Anyone who has lived their life in Boston, or really in any part of New England, can tell you that Ebert is right. This isn't to say that I could tell you what is at the root of the city's persistently brooding character - as my friends and I enter adulthood, our conversation frequently returns to the complex, perhaps impenetrable code of values and conventions we struggled to understand as children and now wonder if we're destined to inherit. I suspect this is true no matter what part of the globe one calls home; Gone Baby Gone, Ben Affleck's directorial debut, is a film about Boston, but also about this process of disillusionment, of discovering how we are both defined and separate from the place we call home. An expertly made mystery, it's also an uncommonly strong first feature, a work of surprising moral complexity and an evocative portrait of a city.

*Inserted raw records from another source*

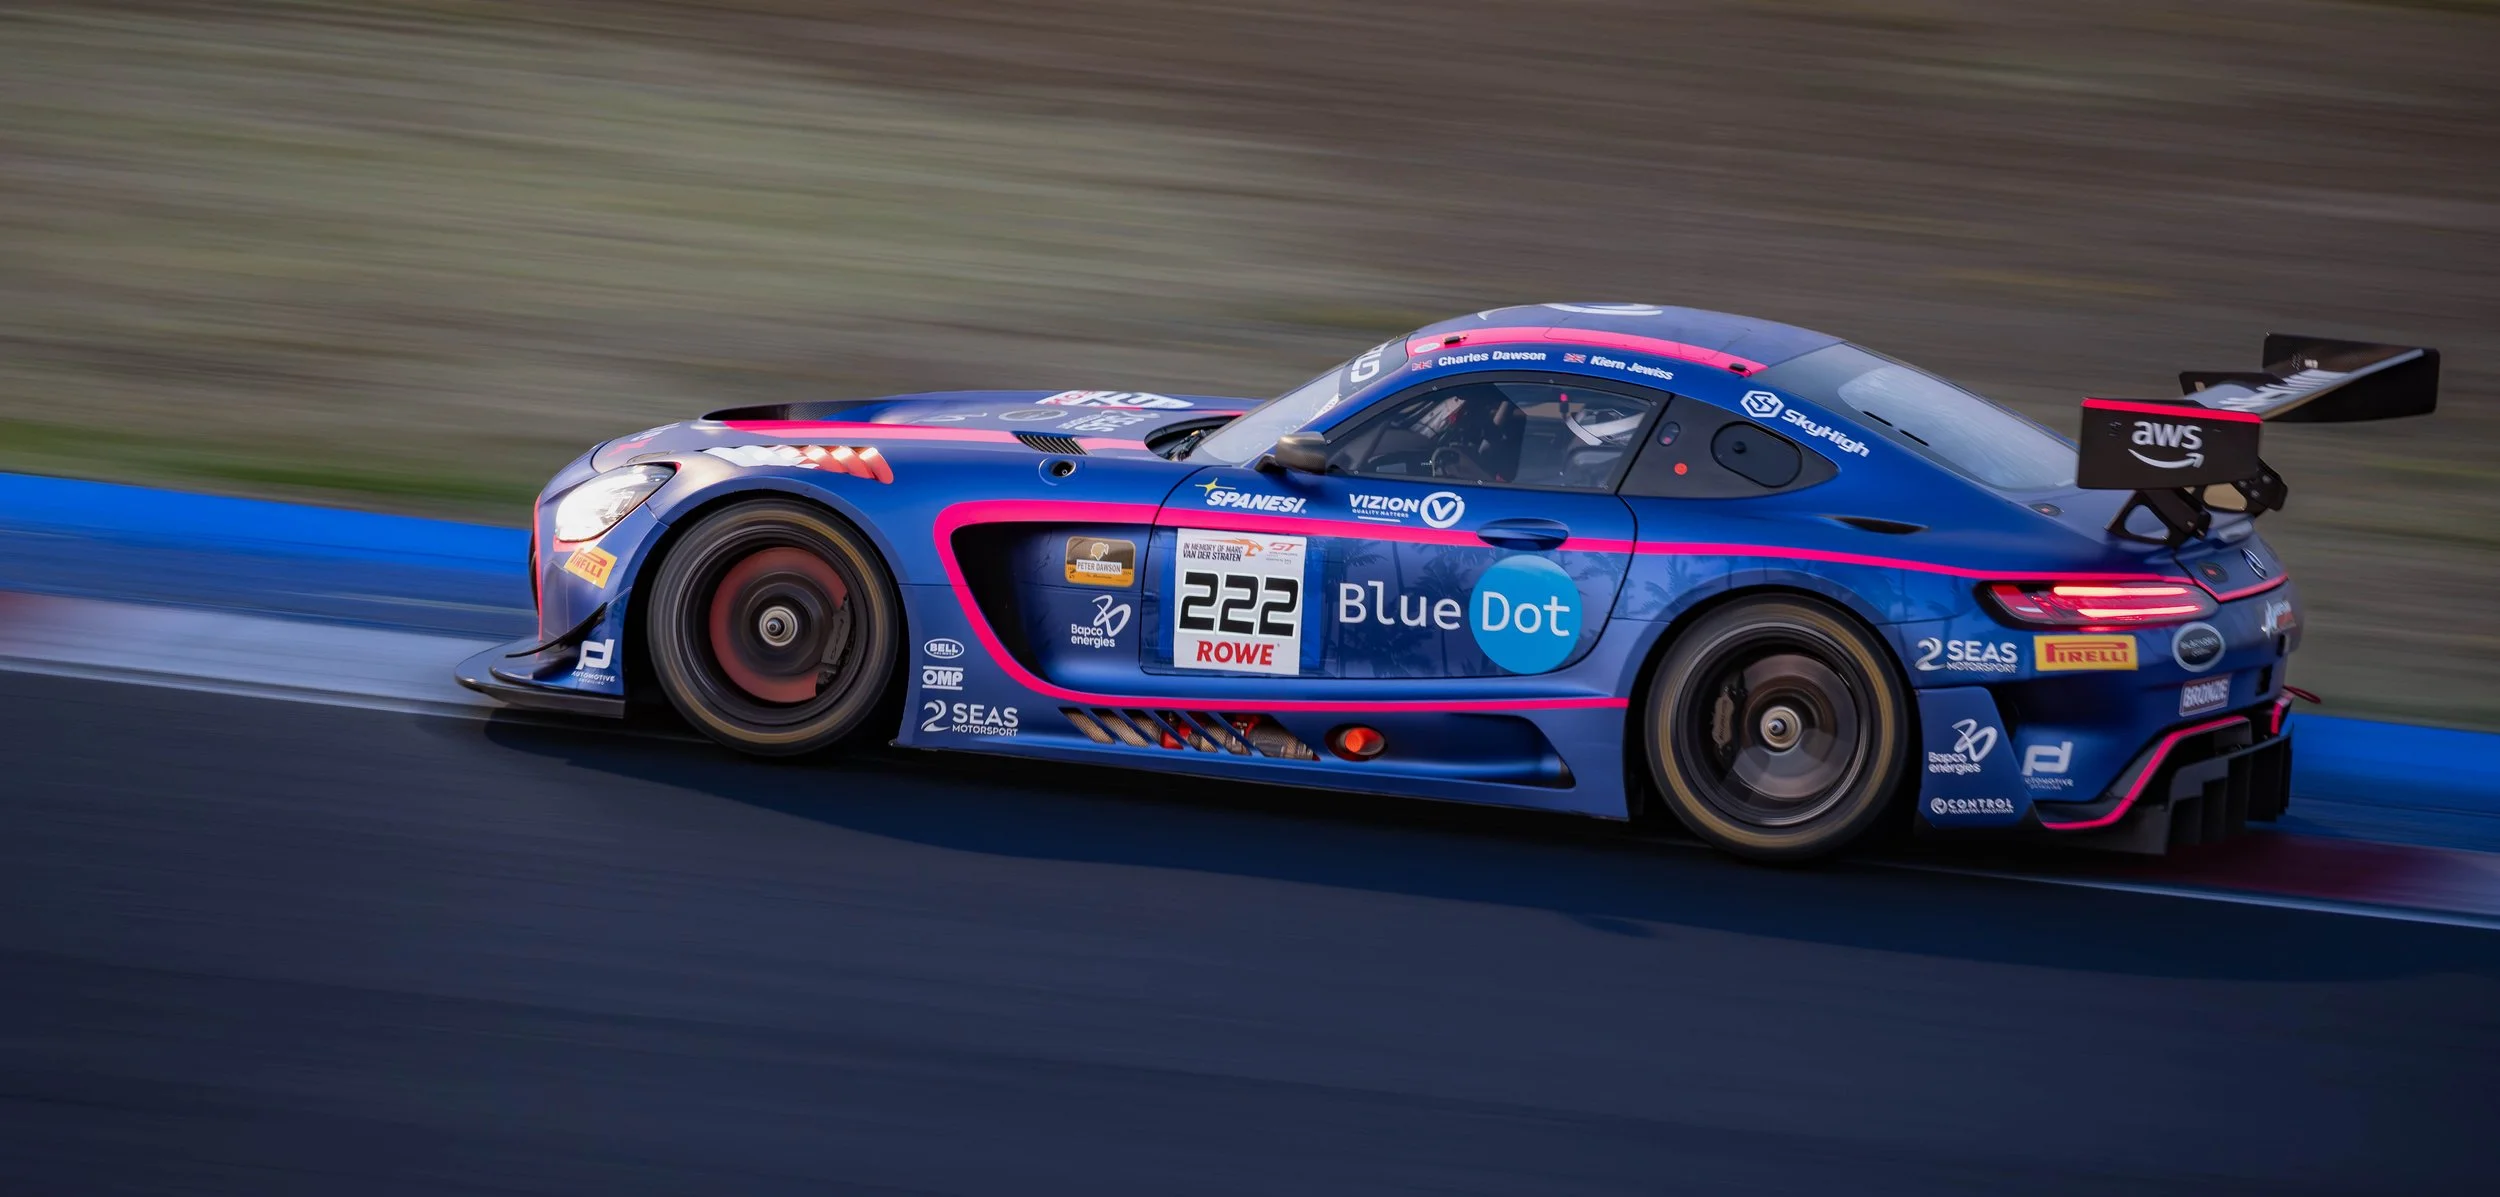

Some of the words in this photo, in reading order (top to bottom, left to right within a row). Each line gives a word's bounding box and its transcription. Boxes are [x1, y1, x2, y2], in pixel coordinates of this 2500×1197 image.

[1438, 352, 1489, 367] Charles
[1492, 350, 1546, 362] Dawson
[1590, 355, 1625, 370] Kiern
[1627, 361, 1674, 381] Jewiss
[1781, 408, 1870, 458] SkyHigh
[2131, 420, 2203, 451] aws
[1207, 491, 1306, 514] SPANESI
[1348, 493, 1420, 513] VIZION
[1191, 542, 1216, 551] MEMORY
[1183, 550, 1196, 558] VAN
[1197, 551, 1211, 560] DER
[1211, 552, 1242, 562] STRATEN
[1077, 561, 1095, 571] PETER
[1096, 562, 1121, 573] DAWSON
[1178, 570, 1299, 638] 222
[1339, 580, 1462, 631] Blue
[1482, 591, 1571, 637] Dot
[1071, 623, 1103, 637] Bapco
[929, 643, 958, 653] BELL
[1071, 636, 1116, 649] energies
[1196, 640, 1275, 666] ROWE
[1946, 639, 2018, 665] SEAS
[2045, 641, 2129, 663] PIRELLI
[571, 671, 615, 683] AUTOMOTIVE
[922, 669, 964, 687] OMP
[952, 702, 1019, 728] SEAS
[952, 724, 1018, 737] MOTORSPORT
[1928, 751, 1967, 766] Bapco
[1928, 763, 1981, 775] energies
[1947, 797, 2014, 810] CONTROL
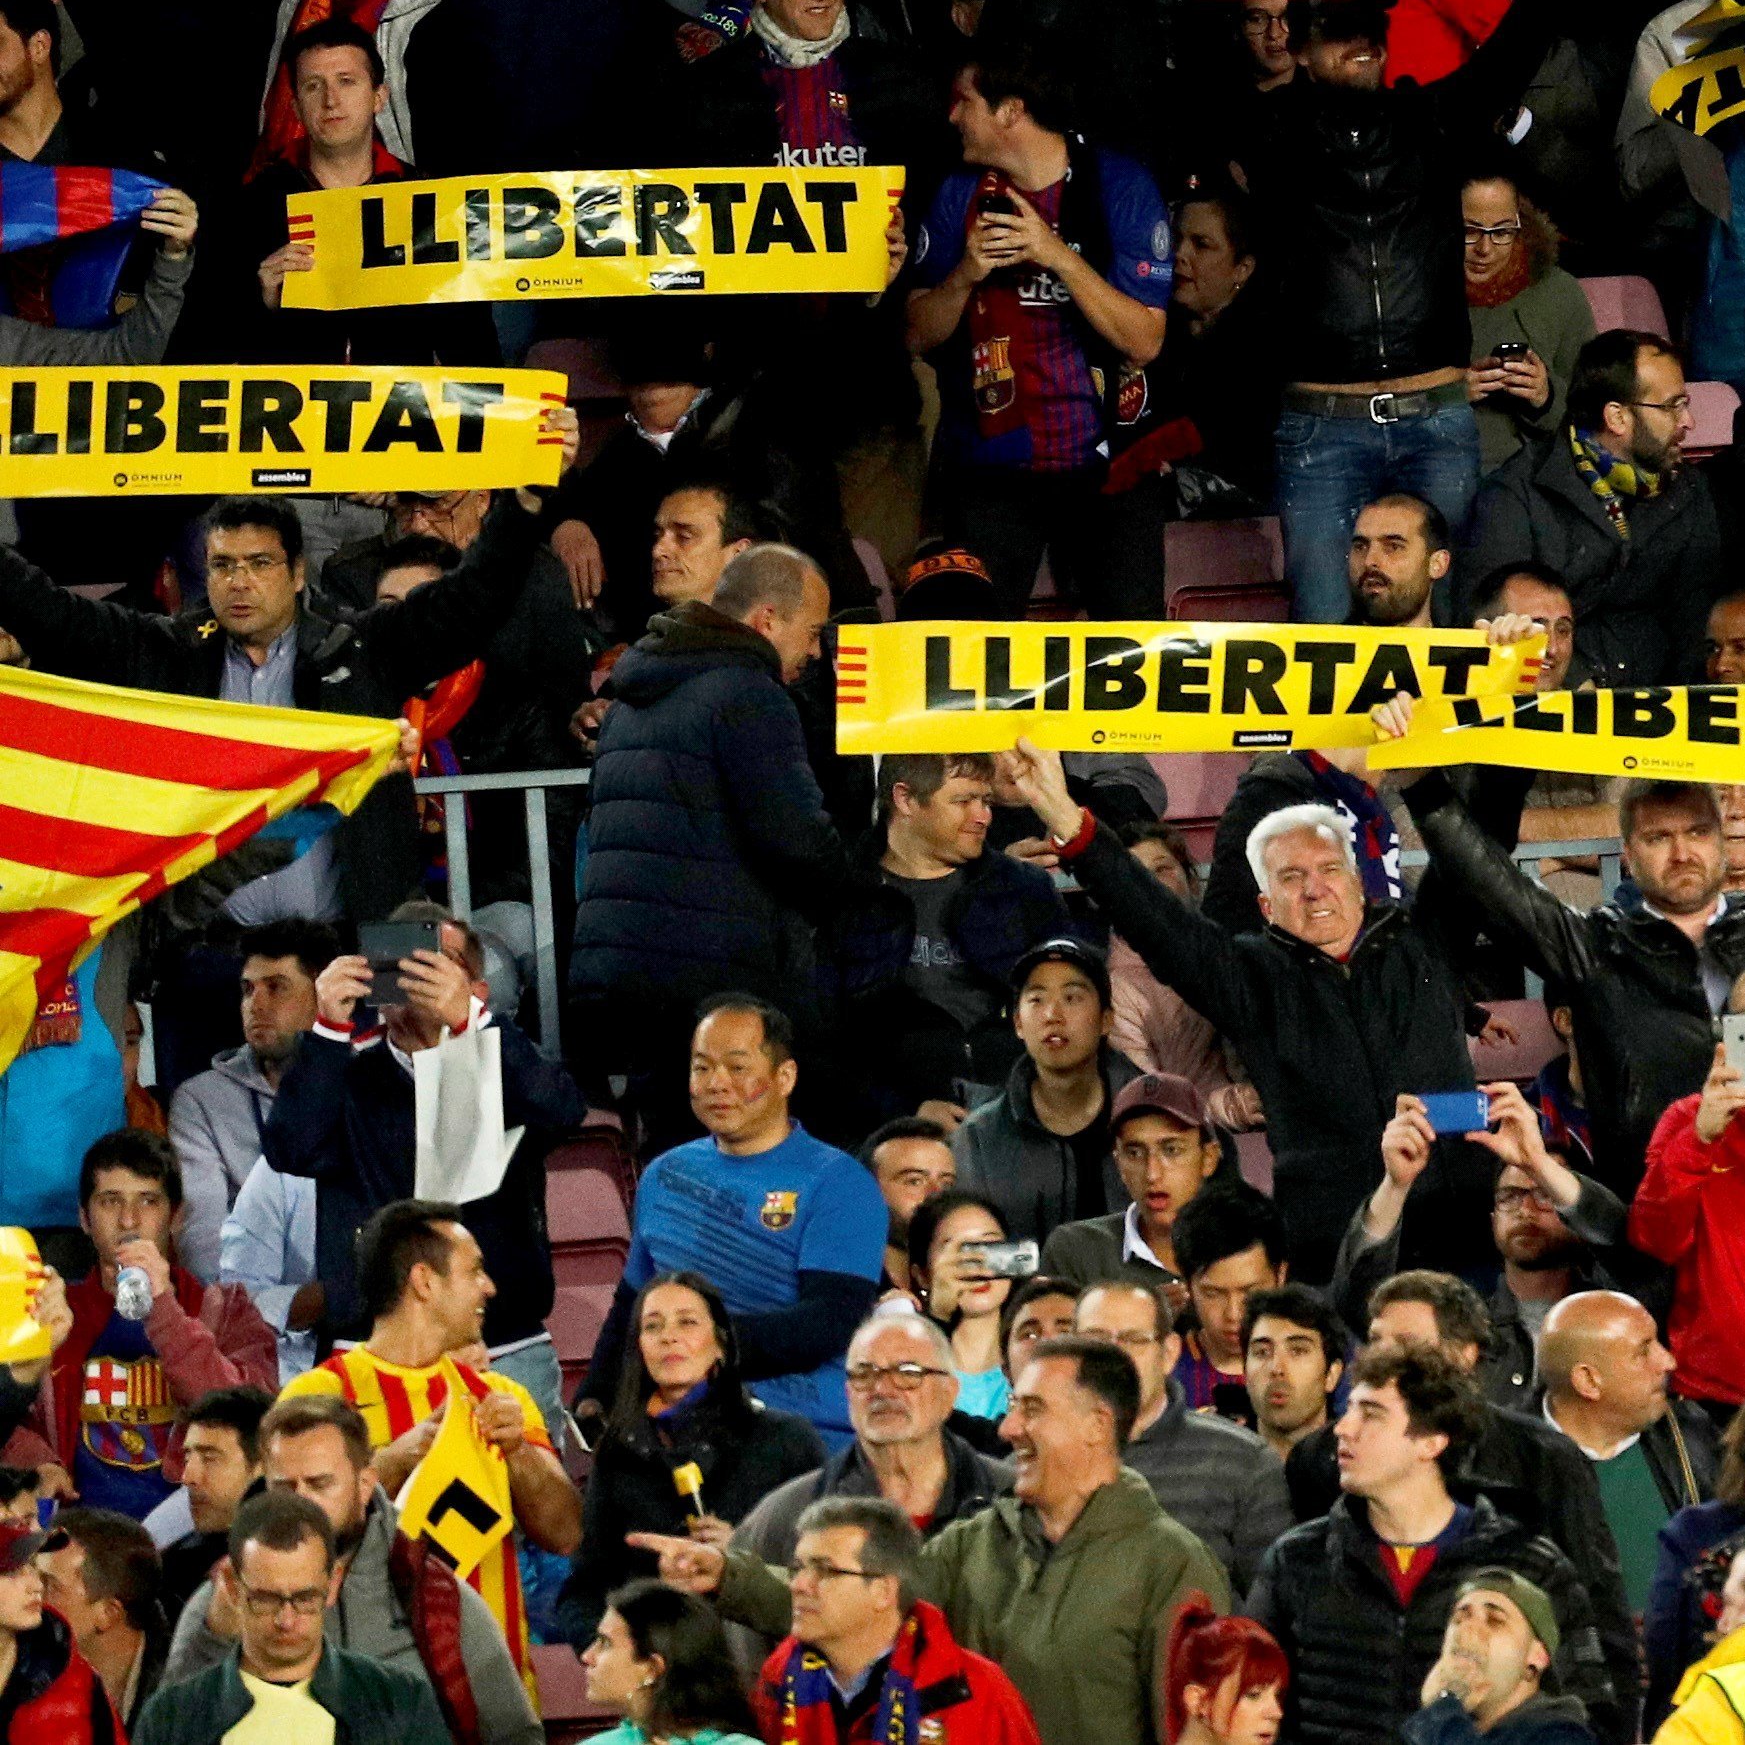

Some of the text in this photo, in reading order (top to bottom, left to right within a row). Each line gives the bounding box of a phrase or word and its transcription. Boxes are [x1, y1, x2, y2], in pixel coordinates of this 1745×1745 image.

[360, 182, 857, 270] LLIBERTAT
[0, 380, 505, 455] LIBERTAT
[257, 472, 306, 482] assemblea
[925, 635, 1491, 716] LLIBERTAT

Adapted from a Dennis Lehane novel, Gone Baby Gone is a stronger representation of Boston than even the previous Lehane adaptation, Mystic River (a very good film that could have been set in any number of cities). Affleck, who famously grew up in Boston, finds an effective tone from the start, with a montage of everyday life in Dorcester becoming a series of portraits of hard-living, world-weary faces. We see this particularly rough part of Southie through the eyes of Patrick Kenzie (Casey Affleck), a young private eye hired to find a missing 4-year-old girl by her aunt and uncle (Amy Madigan and Titus Welliver). Dismissed by older, venerable cops Remy Bressant (Ed Harris) and captain Jack Poole (Morgan Freeman) for his youth and moral idealism, Patrick is also tied to the drug dealers and criminals he has known since childhood. Patrick describes in voiceover the very Catholic struggle to be in the world but not of the world, and Affleck (in one of two great performances of 2007) brings this inner struggle to life as Patrick's investigation forces him to deal with the moral ambiguity that defines his world, even as this conflict strains he is relationship with his girlfriend and partner, Angie (Michelle Monaghan). While Gone Baby Gone works wonderfully as a tense procedural, it is ultimately about the tough choices at its heart; to the elder Affleck's credit, he doesn't attempt a shootout-driven resolution, instead letting the questions his story raises continue long after the stunning final fade-out.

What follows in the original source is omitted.